** Opening Excerpted data block **
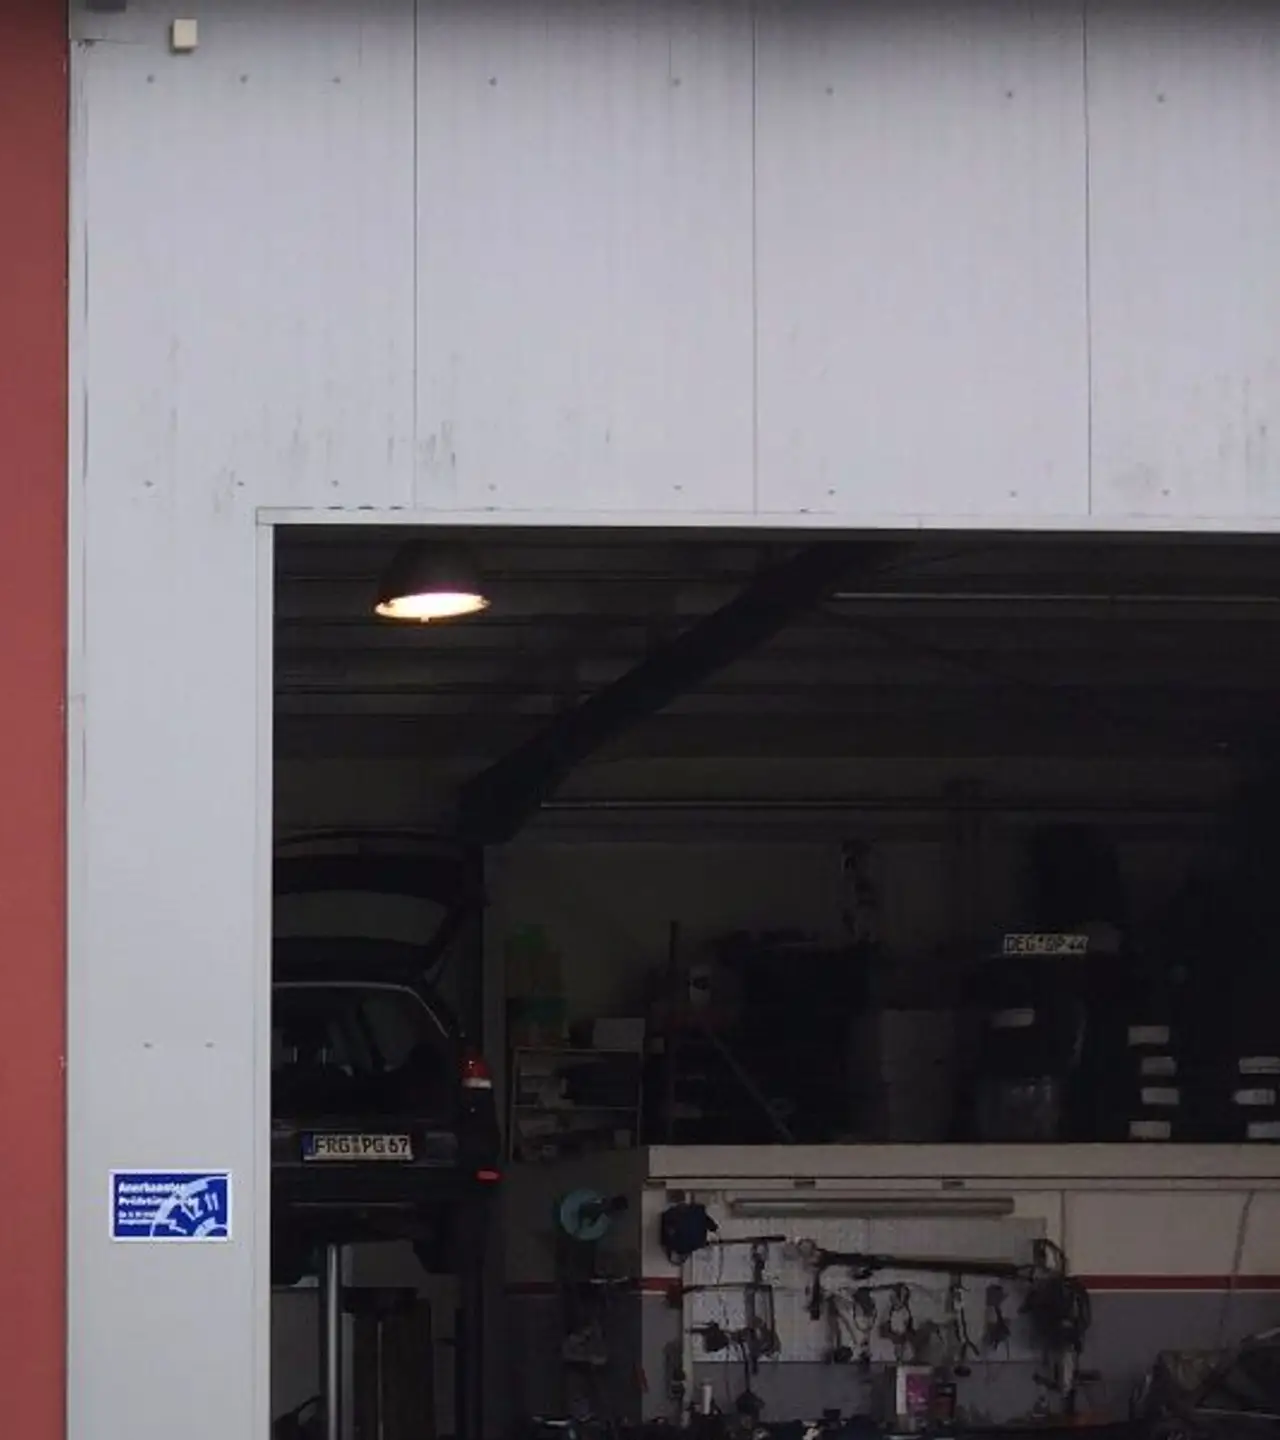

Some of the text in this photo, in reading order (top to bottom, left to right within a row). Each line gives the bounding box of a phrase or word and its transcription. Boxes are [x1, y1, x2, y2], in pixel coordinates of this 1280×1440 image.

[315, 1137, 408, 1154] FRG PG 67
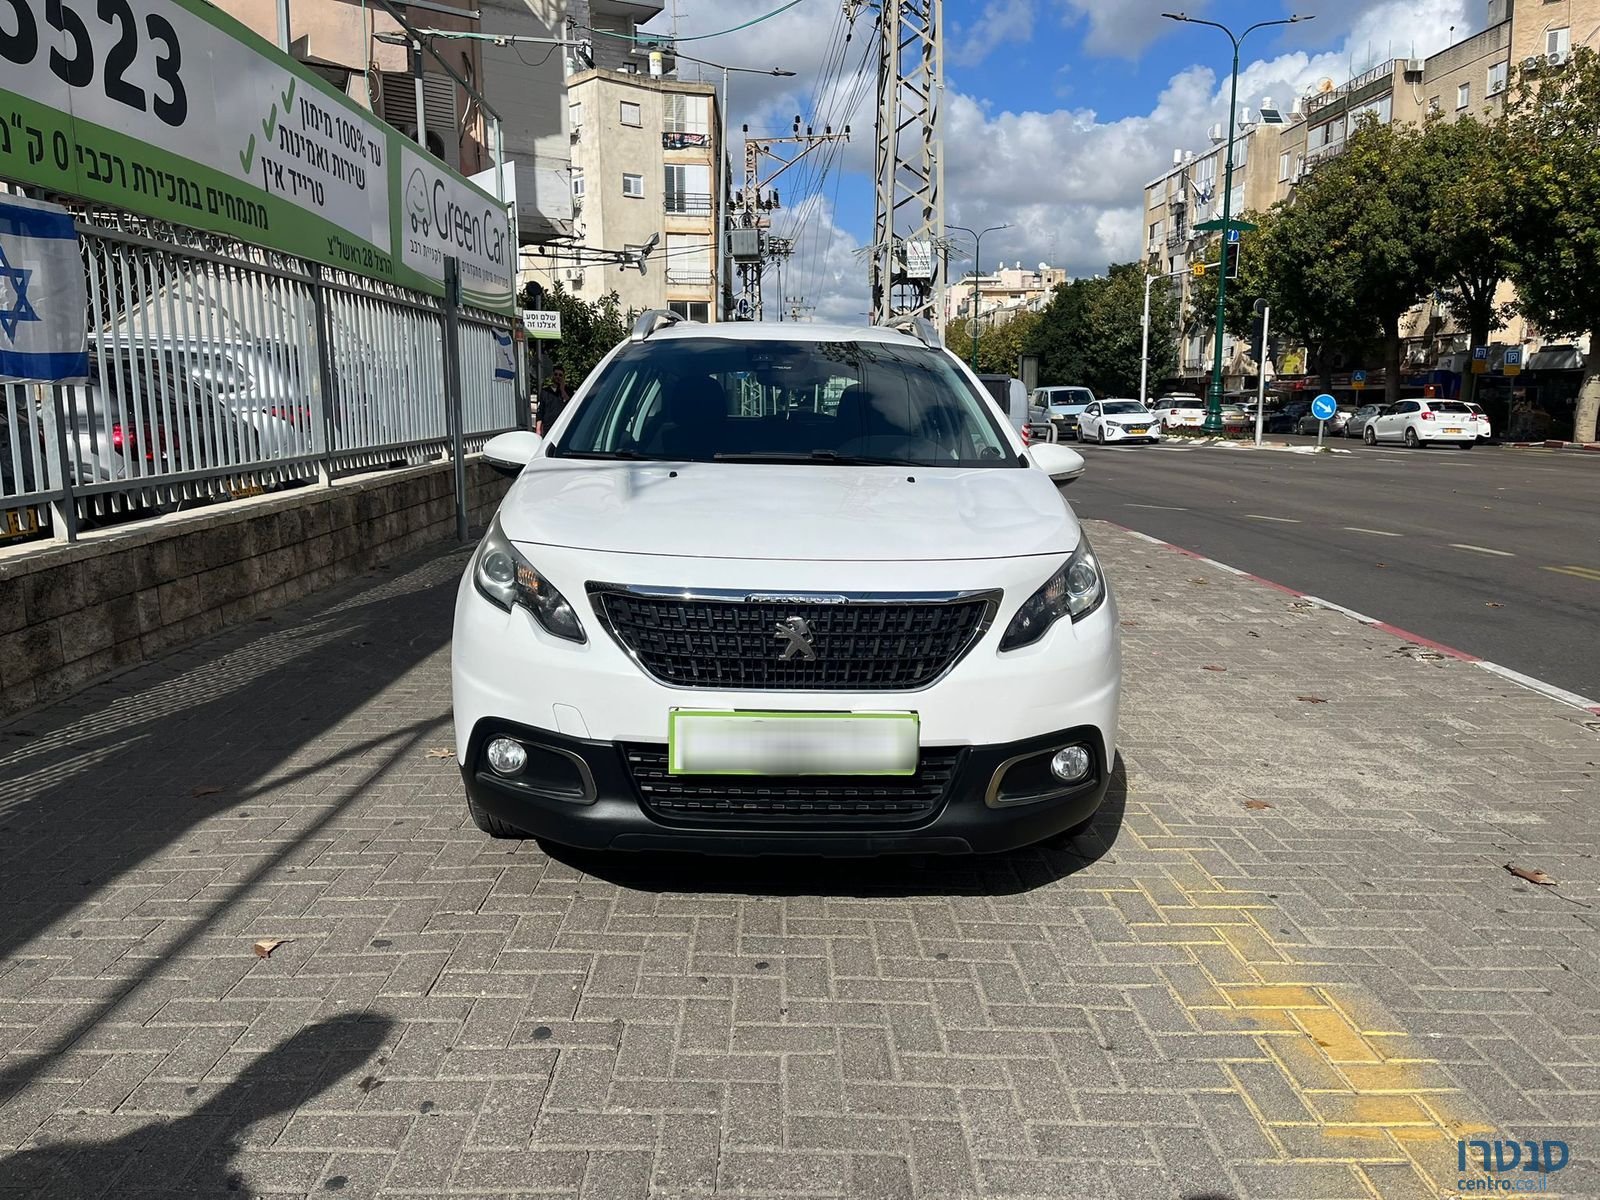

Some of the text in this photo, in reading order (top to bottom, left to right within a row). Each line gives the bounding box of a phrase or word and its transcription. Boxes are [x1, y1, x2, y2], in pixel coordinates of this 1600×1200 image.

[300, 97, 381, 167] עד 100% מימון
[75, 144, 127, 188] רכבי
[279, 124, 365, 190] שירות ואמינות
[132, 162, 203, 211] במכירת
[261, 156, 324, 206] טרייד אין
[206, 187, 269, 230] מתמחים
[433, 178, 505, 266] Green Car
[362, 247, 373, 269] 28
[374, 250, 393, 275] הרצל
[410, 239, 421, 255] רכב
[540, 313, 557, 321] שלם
** Closing Excerpted data block **
Retype each line of the records exactly as it reads; no pictures belong in the copy.

Some of the text in this photo, in reading order (top to bottom, left to right within a row). Each line gives the bounding box of a phrase or word and its transcription. Boxes are [x1, y1, x2, y2], in pixel coordinates of this 1280×1440 image.

[315, 1137, 408, 1154] FRG PG 67

Some of the text in this photo, in reading order (top to bottom, left to right within a row). Each line gives the bounding box of a phrase or word and its transcription. Boxes are [x1, y1, x2, y2], in pixel coordinates of this 1600×1200 image.

[300, 97, 381, 167] עד 100% מימון
[75, 144, 127, 188] רכבי
[279, 124, 365, 190] שירות ואמינות
[132, 162, 203, 211] במכירת
[261, 156, 324, 206] טרייד אין
[206, 187, 269, 230] מתמחים
[433, 178, 505, 266] Green Car
[362, 247, 373, 269] 28
[374, 250, 393, 275] הרצל
[410, 239, 421, 255] רכב
[540, 313, 557, 321] שלם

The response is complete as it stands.